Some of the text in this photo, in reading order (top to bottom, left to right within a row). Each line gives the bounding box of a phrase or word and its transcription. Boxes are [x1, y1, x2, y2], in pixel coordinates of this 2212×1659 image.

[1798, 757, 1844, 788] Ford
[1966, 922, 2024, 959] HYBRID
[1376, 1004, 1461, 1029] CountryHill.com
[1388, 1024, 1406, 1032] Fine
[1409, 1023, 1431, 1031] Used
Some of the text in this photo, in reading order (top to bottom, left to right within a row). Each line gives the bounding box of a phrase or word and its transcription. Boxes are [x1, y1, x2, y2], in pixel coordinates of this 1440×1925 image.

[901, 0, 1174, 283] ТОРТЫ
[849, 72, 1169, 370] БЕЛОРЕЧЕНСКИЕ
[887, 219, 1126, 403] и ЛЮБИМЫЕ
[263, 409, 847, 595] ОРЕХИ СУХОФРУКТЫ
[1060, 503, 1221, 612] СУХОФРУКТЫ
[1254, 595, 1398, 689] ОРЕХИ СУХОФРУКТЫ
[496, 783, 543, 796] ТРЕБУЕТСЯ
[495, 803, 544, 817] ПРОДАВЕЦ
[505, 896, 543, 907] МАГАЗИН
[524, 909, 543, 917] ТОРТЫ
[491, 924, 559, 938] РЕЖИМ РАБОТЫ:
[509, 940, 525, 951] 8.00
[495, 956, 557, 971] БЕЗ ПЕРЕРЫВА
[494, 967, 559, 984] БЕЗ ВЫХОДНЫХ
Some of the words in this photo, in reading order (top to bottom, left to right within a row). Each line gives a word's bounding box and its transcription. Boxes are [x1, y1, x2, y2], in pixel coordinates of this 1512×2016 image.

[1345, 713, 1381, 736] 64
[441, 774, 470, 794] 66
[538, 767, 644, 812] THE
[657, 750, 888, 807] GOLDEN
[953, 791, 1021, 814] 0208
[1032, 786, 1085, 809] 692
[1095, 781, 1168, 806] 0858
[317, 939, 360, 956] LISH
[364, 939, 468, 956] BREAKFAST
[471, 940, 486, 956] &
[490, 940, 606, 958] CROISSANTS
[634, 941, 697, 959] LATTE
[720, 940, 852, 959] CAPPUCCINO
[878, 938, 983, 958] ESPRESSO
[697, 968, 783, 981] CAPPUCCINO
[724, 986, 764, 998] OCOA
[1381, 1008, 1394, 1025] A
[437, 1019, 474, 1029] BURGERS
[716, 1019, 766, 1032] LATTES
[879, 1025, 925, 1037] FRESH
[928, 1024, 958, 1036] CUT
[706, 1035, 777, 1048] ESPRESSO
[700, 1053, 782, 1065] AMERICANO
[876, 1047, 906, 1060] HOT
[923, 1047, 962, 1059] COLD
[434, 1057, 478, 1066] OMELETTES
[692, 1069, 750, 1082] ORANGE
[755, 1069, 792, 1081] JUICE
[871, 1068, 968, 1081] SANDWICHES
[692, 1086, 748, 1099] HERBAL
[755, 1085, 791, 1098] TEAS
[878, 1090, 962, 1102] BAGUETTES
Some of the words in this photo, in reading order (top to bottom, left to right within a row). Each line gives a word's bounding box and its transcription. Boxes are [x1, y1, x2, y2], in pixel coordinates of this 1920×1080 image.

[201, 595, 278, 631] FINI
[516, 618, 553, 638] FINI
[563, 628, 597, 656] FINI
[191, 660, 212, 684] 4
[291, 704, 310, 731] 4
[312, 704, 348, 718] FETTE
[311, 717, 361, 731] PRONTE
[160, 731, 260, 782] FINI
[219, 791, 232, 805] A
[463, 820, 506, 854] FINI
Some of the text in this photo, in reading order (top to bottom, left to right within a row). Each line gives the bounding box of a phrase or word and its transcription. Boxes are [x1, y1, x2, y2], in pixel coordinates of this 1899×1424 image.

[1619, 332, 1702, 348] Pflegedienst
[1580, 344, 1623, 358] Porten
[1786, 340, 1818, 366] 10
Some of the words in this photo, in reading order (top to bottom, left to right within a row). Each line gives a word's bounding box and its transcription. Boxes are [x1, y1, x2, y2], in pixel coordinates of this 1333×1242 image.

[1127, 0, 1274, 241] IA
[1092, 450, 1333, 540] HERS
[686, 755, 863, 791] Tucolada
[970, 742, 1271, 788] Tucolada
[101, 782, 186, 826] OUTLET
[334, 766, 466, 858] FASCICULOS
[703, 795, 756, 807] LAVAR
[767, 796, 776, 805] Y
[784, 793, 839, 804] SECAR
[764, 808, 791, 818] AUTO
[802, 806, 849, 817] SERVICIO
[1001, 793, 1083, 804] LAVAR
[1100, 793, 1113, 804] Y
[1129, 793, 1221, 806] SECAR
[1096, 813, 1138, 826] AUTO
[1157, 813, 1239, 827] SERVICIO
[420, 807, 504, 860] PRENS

- - - - - - -

_Assignment_: Transcribe the listing above exactly as shown.

_Answer below_:
Some of the text in this photo, in reading order (top to bottom, left to right within a row). Each line gives the bounding box of a phrase or word and its transcription. Boxes are [x1, y1, x2, y2], in pixel coordinates of this 2212×1659 image.

[1798, 757, 1844, 788] Ford
[1966, 922, 2024, 959] HYBRID
[1376, 1004, 1461, 1029] CountryHill.com
[1388, 1024, 1406, 1032] Fine
[1409, 1023, 1431, 1031] Used
Some of the text in this photo, in reading order (top to bottom, left to right within a row). Each line gives the bounding box of a phrase or word and its transcription. Boxes are [x1, y1, x2, y2], in pixel coordinates of this 1440×1925 image.

[901, 0, 1174, 283] ТОРТЫ
[849, 72, 1169, 370] БЕЛОРЕЧЕНСКИЕ
[887, 219, 1126, 403] и ЛЮБИМЫЕ
[263, 409, 847, 595] ОРЕХИ СУХОФРУКТЫ
[1060, 503, 1221, 612] СУХОФРУКТЫ
[1254, 595, 1398, 689] ОРЕХИ СУХОФРУКТЫ
[496, 783, 543, 796] ТРЕБУЕТСЯ
[495, 803, 544, 817] ПРОДАВЕЦ
[505, 896, 543, 907] МАГАЗИН
[524, 909, 543, 917] ТОРТЫ
[491, 924, 559, 938] РЕЖИМ РАБОТЫ:
[509, 940, 525, 951] 8.00
[495, 956, 557, 971] БЕЗ ПЕРЕРЫВА
[494, 967, 559, 984] БЕЗ ВЫХОДНЫХ
Some of the words in this photo, in reading order (top to bottom, left to right within a row). Each line gives a word's bounding box and its transcription. Boxes are [x1, y1, x2, y2], in pixel coordinates of this 1512×2016 image.

[1345, 713, 1381, 736] 64
[441, 774, 470, 794] 66
[538, 767, 644, 812] THE
[657, 750, 888, 807] GOLDEN
[953, 791, 1021, 814] 0208
[1032, 786, 1085, 809] 692
[1095, 781, 1168, 806] 0858
[317, 939, 360, 956] LISH
[364, 939, 468, 956] BREAKFAST
[471, 940, 486, 956] &
[490, 940, 606, 958] CROISSANTS
[634, 941, 697, 959] LATTE
[720, 940, 852, 959] CAPPUCCINO
[878, 938, 983, 958] ESPRESSO
[697, 968, 783, 981] CAPPUCCINO
[724, 986, 764, 998] OCOA
[1381, 1008, 1394, 1025] A
[437, 1019, 474, 1029] BURGERS
[716, 1019, 766, 1032] LATTES
[879, 1025, 925, 1037] FRESH
[928, 1024, 958, 1036] CUT
[706, 1035, 777, 1048] ESPRESSO
[700, 1053, 782, 1065] AMERICANO
[876, 1047, 906, 1060] HOT
[923, 1047, 962, 1059] COLD
[434, 1057, 478, 1066] OMELETTES
[692, 1069, 750, 1082] ORANGE
[755, 1069, 792, 1081] JUICE
[871, 1068, 968, 1081] SANDWICHES
[692, 1086, 748, 1099] HERBAL
[755, 1085, 791, 1098] TEAS
[878, 1090, 962, 1102] BAGUETTES
Some of the words in this photo, in reading order (top to bottom, left to right within a row). Each line gives a word's bounding box and its transcription. Boxes are [x1, y1, x2, y2], in pixel coordinates of this 1920×1080 image.

[201, 595, 278, 631] FINI
[516, 618, 553, 638] FINI
[563, 628, 597, 656] FINI
[191, 660, 212, 684] 4
[291, 704, 310, 731] 4
[312, 704, 348, 718] FETTE
[311, 717, 361, 731] PRONTE
[160, 731, 260, 782] FINI
[219, 791, 232, 805] A
[463, 820, 506, 854] FINI
Some of the text in this photo, in reading order (top to bottom, left to right within a row). Each line gives the bounding box of a phrase or word and its transcription. Boxes are [x1, y1, x2, y2], in pixel coordinates of this 1899×1424 image.

[1619, 332, 1702, 348] Pflegedienst
[1580, 344, 1623, 358] Porten
[1786, 340, 1818, 366] 10
Some of the words in this photo, in reading order (top to bottom, left to right within a row). Each line gives a word's bounding box and its transcription. Boxes are [x1, y1, x2, y2], in pixel coordinates of this 1333×1242 image.

[1127, 0, 1274, 241] IA
[1092, 450, 1333, 540] HERS
[686, 755, 863, 791] Tucolada
[970, 742, 1271, 788] Tucolada
[101, 782, 186, 826] OUTLET
[334, 766, 466, 858] FASCICULOS
[703, 795, 756, 807] LAVAR
[767, 796, 776, 805] Y
[784, 793, 839, 804] SECAR
[764, 808, 791, 818] AUTO
[802, 806, 849, 817] SERVICIO
[1001, 793, 1083, 804] LAVAR
[1100, 793, 1113, 804] Y
[1129, 793, 1221, 806] SECAR
[1096, 813, 1138, 826] AUTO
[1157, 813, 1239, 827] SERVICIO
[420, 807, 504, 860] PRENS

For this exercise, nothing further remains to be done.